VEERASWAMI
1. The appellant was an executive Officer when he reached his superannuation on 16th January 1959. At the recommendation of the Board of trustees of Sri Subrahmaniaswami devastanam, Tiruchendur, where he was serving as executive officer, the Government by G.O. Rt. No. 25, Revenue, dated 16th January 1959, permitted his re-employment for a period of one year from 17th January 1959. In doing so, the Government has expressly stated that it exercised its powers conferred by rule 21 in part 1 of the Rules frame d under S. 100(2)(p) and (x)(ii) of the Hindu Religious and Charitable Endowments Act, 8 1951. The order communicated to the appellant by the Commissioner, Hindu Religious and Charitable Endowments, stated:Continue service, orders follow, inform Periyanayagam. The appellant served for one year and then retired. His request for pension was refused. No reasons were given by the Government except the bald statement that pension could not be granted. Kailasam, J. declined to interfere and dismissed the a ppellants petition.
2. There is no controvery that the appellant was a Government servant as on 16th January 1959 in terms of S. 12(1)of Madras Act XXII of 1959, which came into force on 1st January 1960. The appellant claimed pension on the basis that he continued to serve Government as a Government servant and retired only from 17th January 1960, and that being the case he was entitled to pension as provided by the Act and the rules framed thereunder. S. 12(1) says that Executive Officers of religious institutions employed for the purposes of the Act shall be servants of the Government, and their salaries, allowances pensions and other remunerations shall be paid in the first instance out of the Consolidated fund of the State. As provided by S. 12(2)(c)(i), for the purpose of pension or other remuneration payable to an Executive officer serving immediately before the date of the commencement of the Act and retiring after that date, the Government may take into account the service of such officer before that date, subject to such conditions as may be prescribed. It is clear, therefore, that if the appellant as an Executive Officer served Government immediately before the date of the commencement of the Act, namely, 1st January 1960, he would not only be entitled to pension, but the Government computing the pension should take into account the service of such officer before that date, subject of course, to the conditions prescribed by the rules. The only rule to which our attention was Invited is rule 4, which is to the effect that every Executive Officer, who was serving immediately before 1st January 1960, and who retired after that date after having put in qualifying service for the purposes of pension shall be eligible with effect from the date of his retirement from service of the Government for pension under the Civil Service Regulations, or pension and gratuity under the Tamil Nadu Liberalised Pension Rules 1960, as in the case of other civil servants as if he entered the service of the Government on the date of his first appointment as such Executive Officer.
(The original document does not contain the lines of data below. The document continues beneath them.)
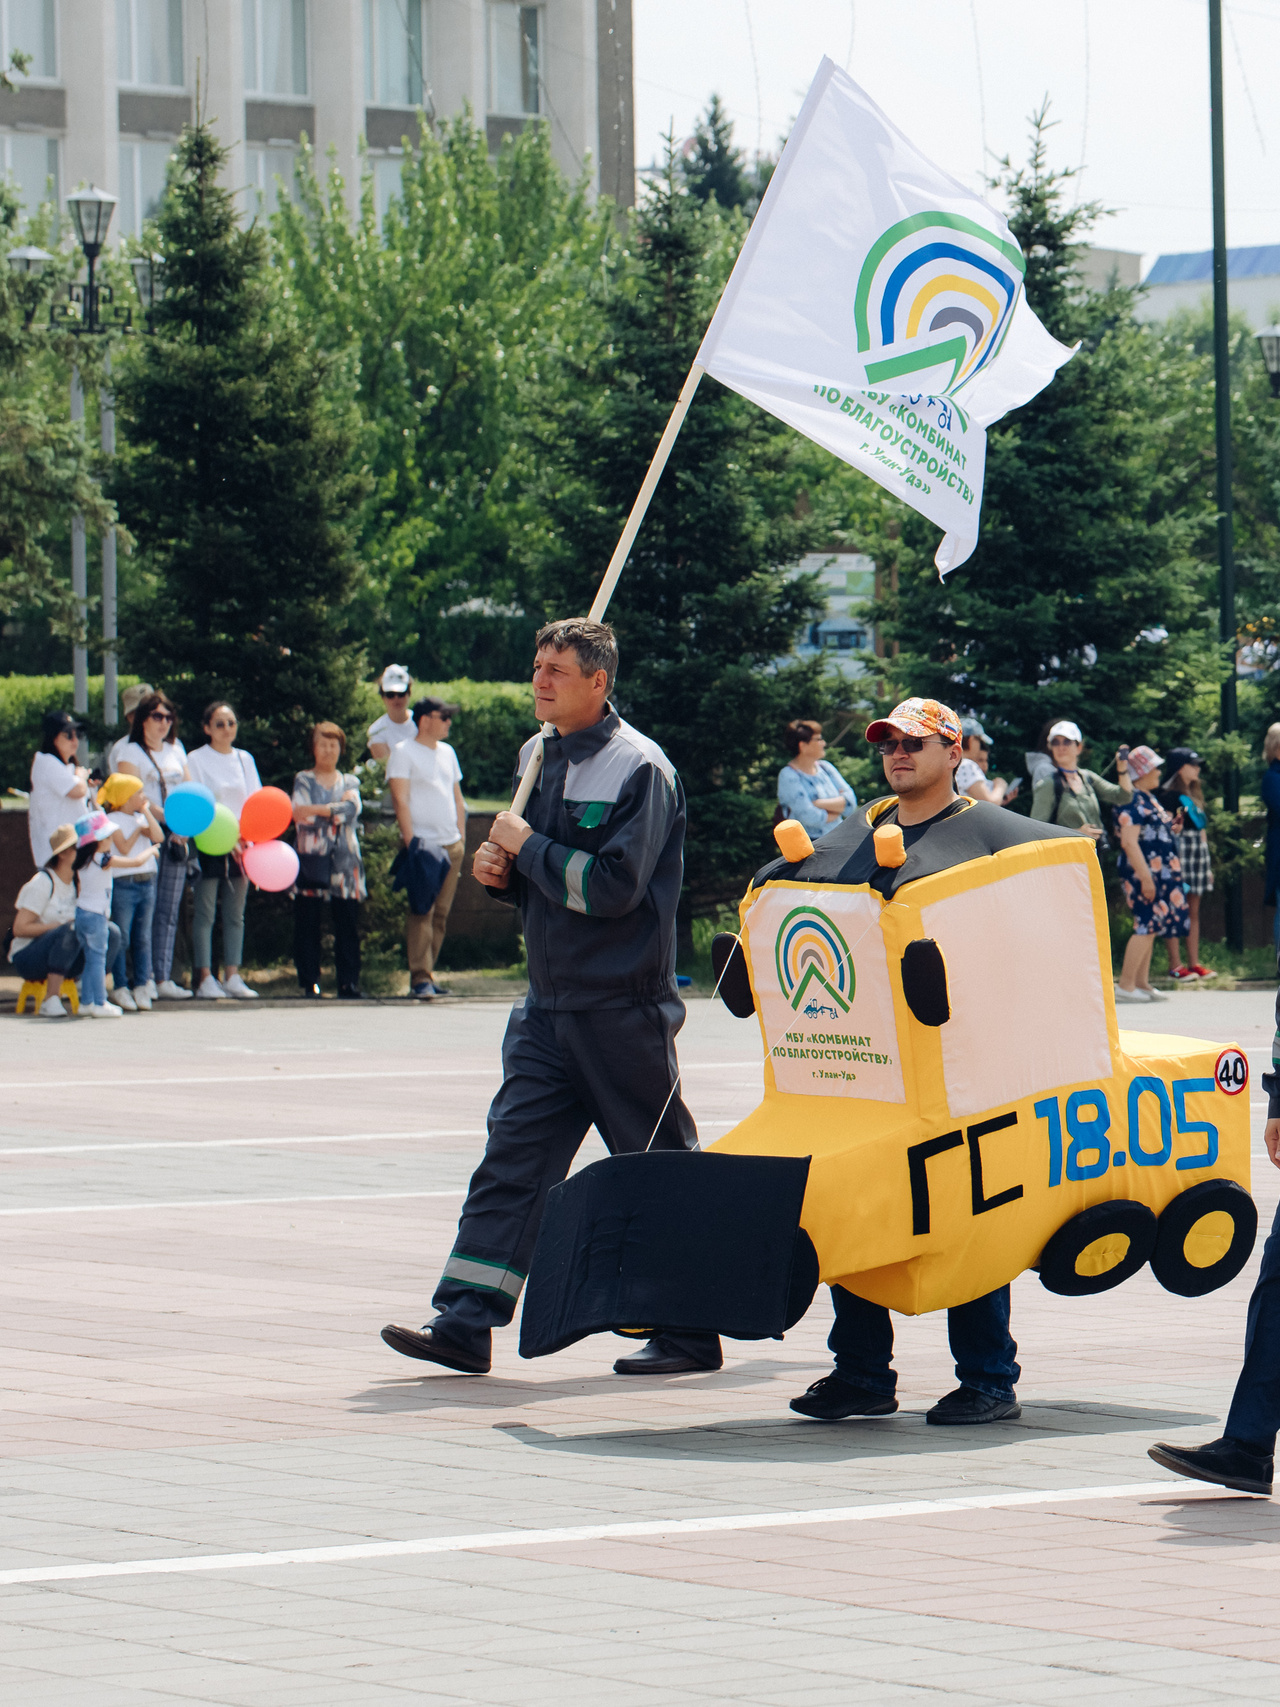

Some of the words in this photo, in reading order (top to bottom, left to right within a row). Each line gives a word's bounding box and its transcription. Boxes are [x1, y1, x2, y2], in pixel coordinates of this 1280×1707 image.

[840, 396, 975, 505] БЛАГОУСТРОЙСТВУ
[861, 390, 891, 406] БУ
[889, 404, 967, 470] «КОМБИНАТ
[870, 447, 932, 495] Улан-Удэ»
[772, 1046, 787, 1057] ПО
[786, 1033, 804, 1043] МБУ
[807, 1034, 871, 1047] «КОМБИНАТ
[1219, 1057, 1246, 1087] 40
[907, 1111, 1024, 1236] ГС
[1034, 1076, 1219, 1188] 18.05
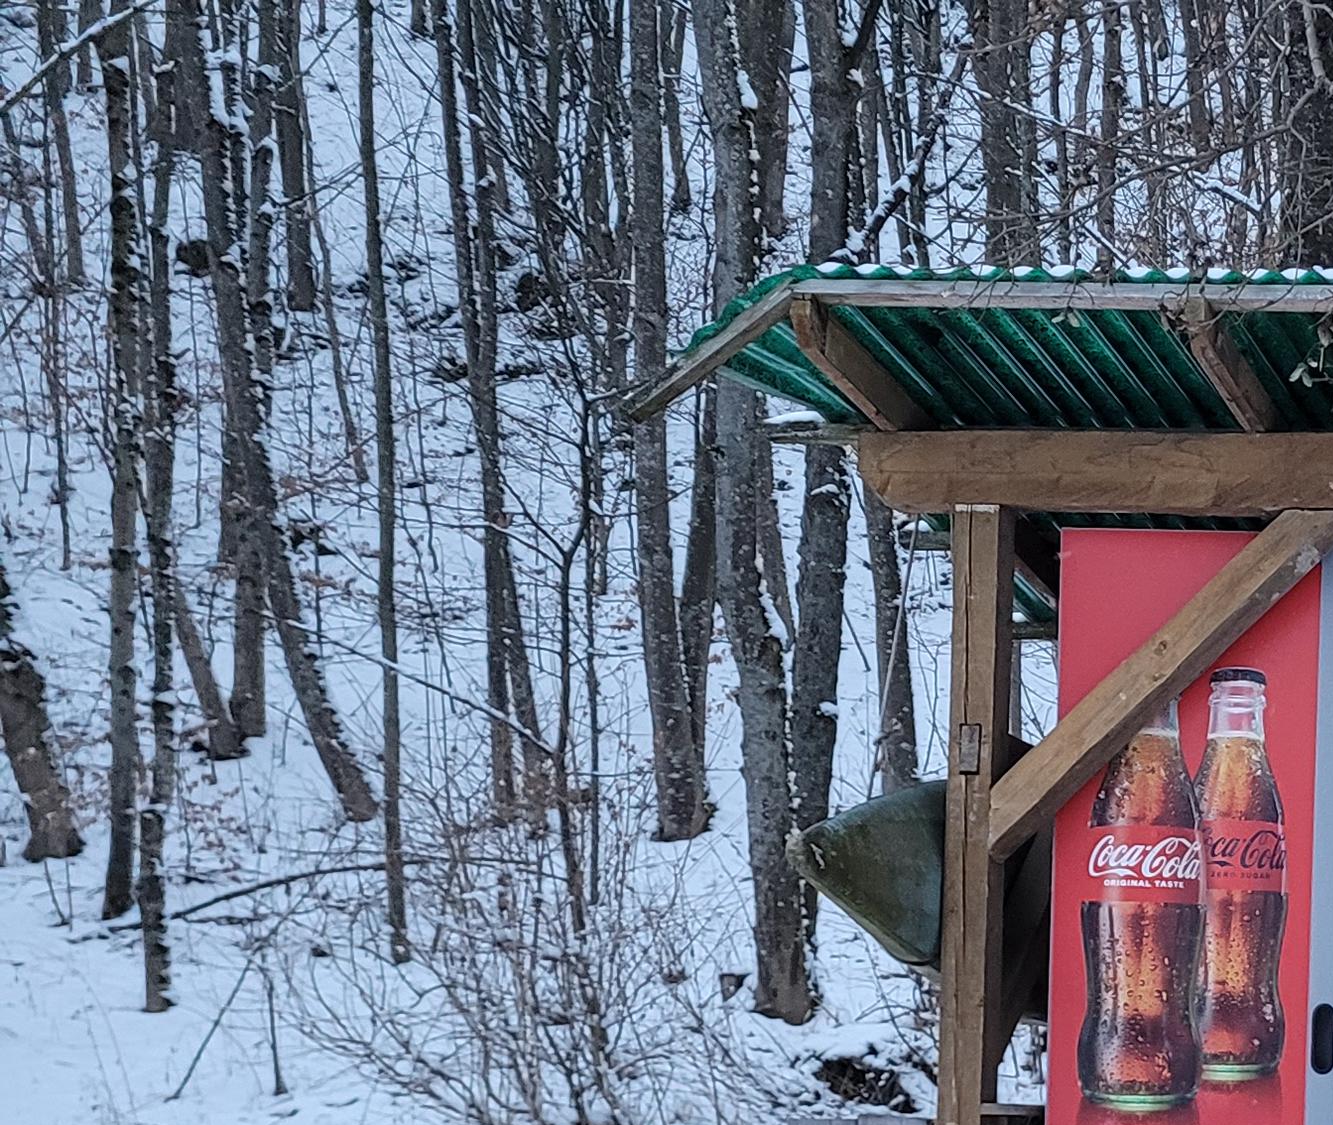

3. In view of the statutory provisions and the rules, the crucial question to consider is whether the appellant was a Government servant who served the Government as such on the date of the commencement of the Act and retired after that date. The contention for the State is that the appellant was but re-employed, as was stated specifically in the order of the Government aforesaid, and that being the case, he could not have been considered as serving the Government on the date the Act came into force and retired after that date. We have no hesitation in rejecting this contention. The power under R. 21 above referred to is one for retention of service. The Rule itself contains indication that this was the intention. R. 21, no doubt, begins by saying that the date of compulsory retirement of an Executive Officer shall be the date on which he attains the age of 55 years. Having said that, the same rule provides for retention of an Executive Officers service after that date, if that was necessary in public interest. The rule further clarifies that such an order of retention would be one of extension of service. There can be no extension of service in the case of superannuation having already taken effect. Re-employment, of course, is a different thing which would not ensure continuity. The expressions extention and retention point to the fact that what was intended by the rule is continuity of service without a break, and that is why the rule prescribes another ceiling for superannuation, namely, 60 years subject, of course, to the condition that each extension shall not be for more than a year. We are therefore; of the opinion that except the fact that Government in their order have stated that the appellant was re-employed, inasmuch as it was done under the power conferred by S. 21, there can be no doubt that what was done in the case of the appellant was retention of his service, and therefore, there was continuity of his service or extension of his service. That being the case, the appellant was a Government servant on 1st January 1960, and he retired on 17th January 1960. That means he fulfils the requirements of S. 12(2)(c)(1), and also R. 21, and R. 4, we have above referred to.
4. It follows that the appellant is entitled to pension and gratuity. The case of the appellant in W.A. 211 of 1968 is similar. He too will be entitled to pension and gratuity.
5. The appeals are allowed with costs in each of them. Counsels feeRs. 100 in each.